An Interview with Talent Development Expert Travis Dommert

An estimated 10,000 baby boomers leave the workforce every day. Current projections show millennials will make up 75% of the workforce by 2025. It’s a sea change that Travis Dommert navigates every day in his role as Senior Vice President of Jackson Healthcare – the 3rd largest healthcare staffing company in the United States.

“It’s dramatic,” says Dommert. “We are concerned with the amount of insight and knowledge and skill that leaves us when someone retires. And then we’ve got a whole new workforce that’s coming in that’s bringing opportunity. They’re bringing a different perspective. They’re very tech savvy as everyone knows, it’s their native language, as opposed to something we have to learn.”

I sat down with Travis Dommert recently, to gain more insight into hiring, training and, crucially, retaining “younger people.” What we uncovered may surprise you.

How do millennials fit into the culture at Jackson Healthcare?

Our culture is based on three core values at JH: others first, wisdom and growth. If there could only be one value, it would be “others first.” Quite frankly that would be the foundation of our culture with any generation here. But I do think our values have resonated with millennials, because that culture says ‘’I’m here to serve.” We’re here to think long term and we’re here to get better.

With 10,000 baby boomers retiring every day from the global workforce, how do you get this younger generation up to speed?

Our numbers do reflect that pattern. We’re losing some of our senior leaders to the natural attrition of retirement. We’re going to miss them personally and professionally. We’re going to miss their wisdom and their insight as a growing company. It means we have to think a lot about succession planning, a lot about developing future generations of leaders. Right now our transitions last for months, not days, and that’s really helpful.
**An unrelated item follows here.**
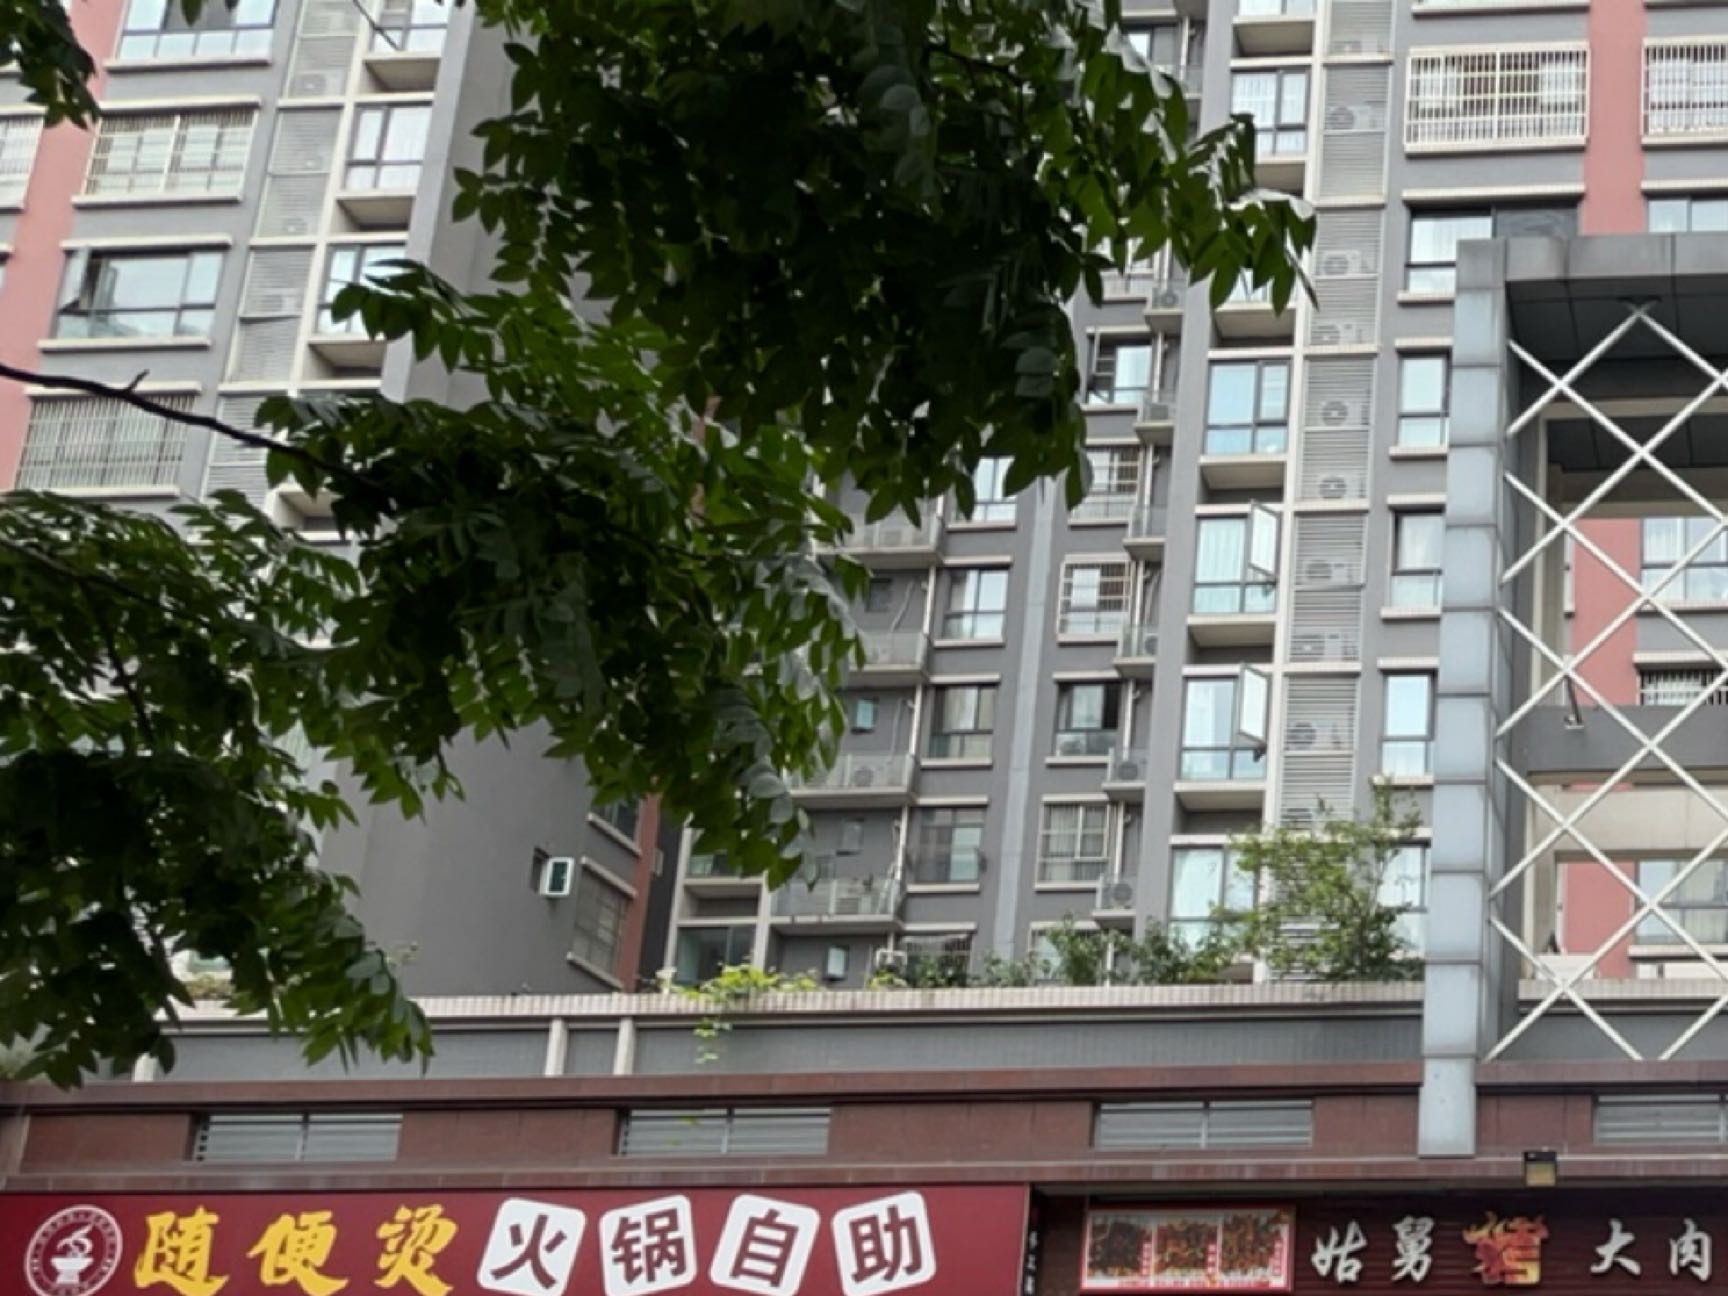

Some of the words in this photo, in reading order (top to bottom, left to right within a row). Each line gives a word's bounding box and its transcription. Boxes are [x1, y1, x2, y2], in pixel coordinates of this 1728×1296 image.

[1311, 1211, 1712, 1284] 姑舅烤大肉
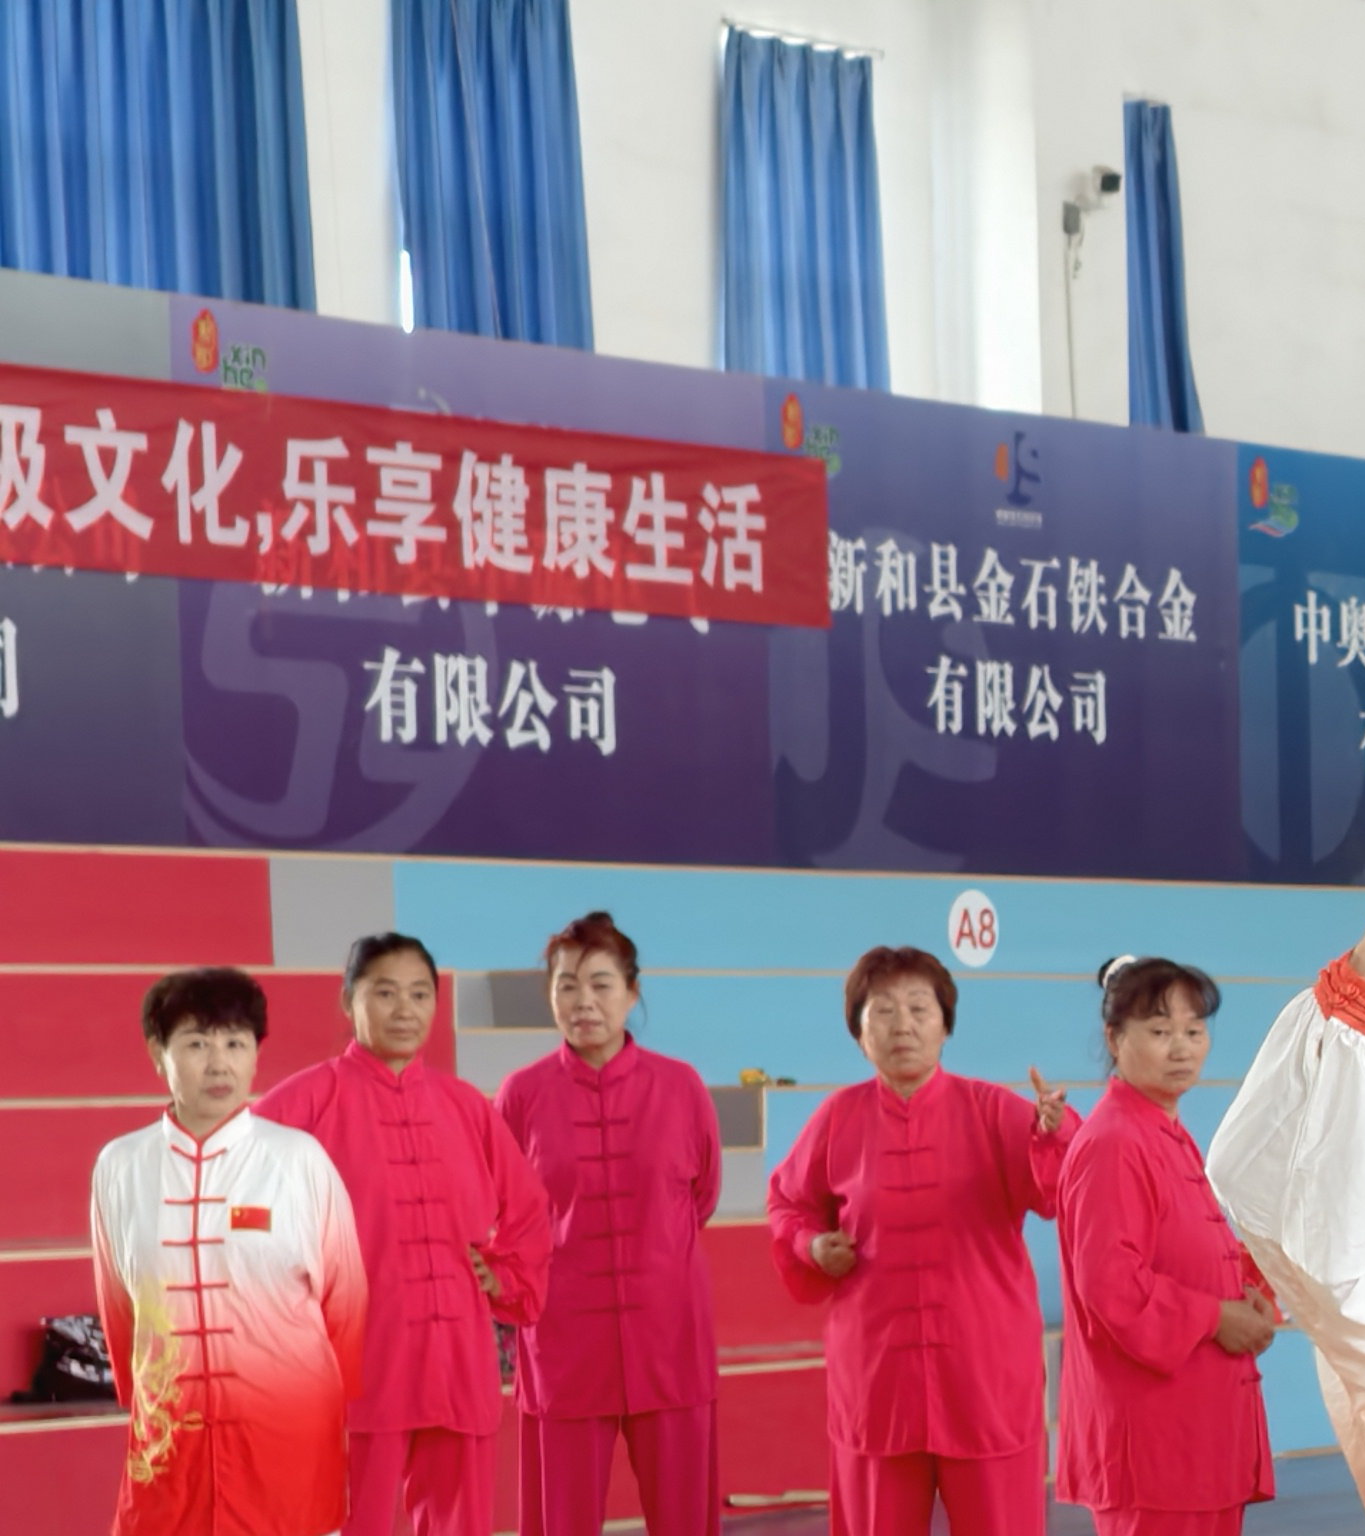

How are your training methods evolving to accommodate this new, younger workforce?

We have something here called JH University, developed by an incredibly experienced leader development expert. But it was still very traditional. Classroom-based with no remote option. There was no micro-learning, no significant technology and it wasn’t always experiential.

This younger generation is not going to sit there and absorb eight hours of classroom style training. We’ve found when we change it to something more consumable, our older team members appreciate it too; whether it’s pre-work at their desk, some content or a webinar. We’re giving them an experience, putting them into teams, and they also get breaks every 90 minutes. We found the way we’re evolving our training now is better for everyone.

So the challenge of training younger people is benefiting the entire workforce?

Yes. I don’t know why we didn’t do it sooner, because this is not necessarily a tech thing. We can now push more learning in small bite-sized pieces and it can be more real time. We have access to massive learning platforms such as “LinkedIn Learning” and huge libraries of content. It’s changed the offering at JHU from 18 classes to 7,000 classes.

Experiential learning is amazing. I put five people on a team and give them a task and some background information. Then I have them compete against three other teams of five people. Engagement goes way up. People laugh and they cry, and they argue and they fight to win – and we do that in the context of learning.

Young people have grown up with video games, praise, prizes, instant gratification, but you’re seeing older employees responding to that too?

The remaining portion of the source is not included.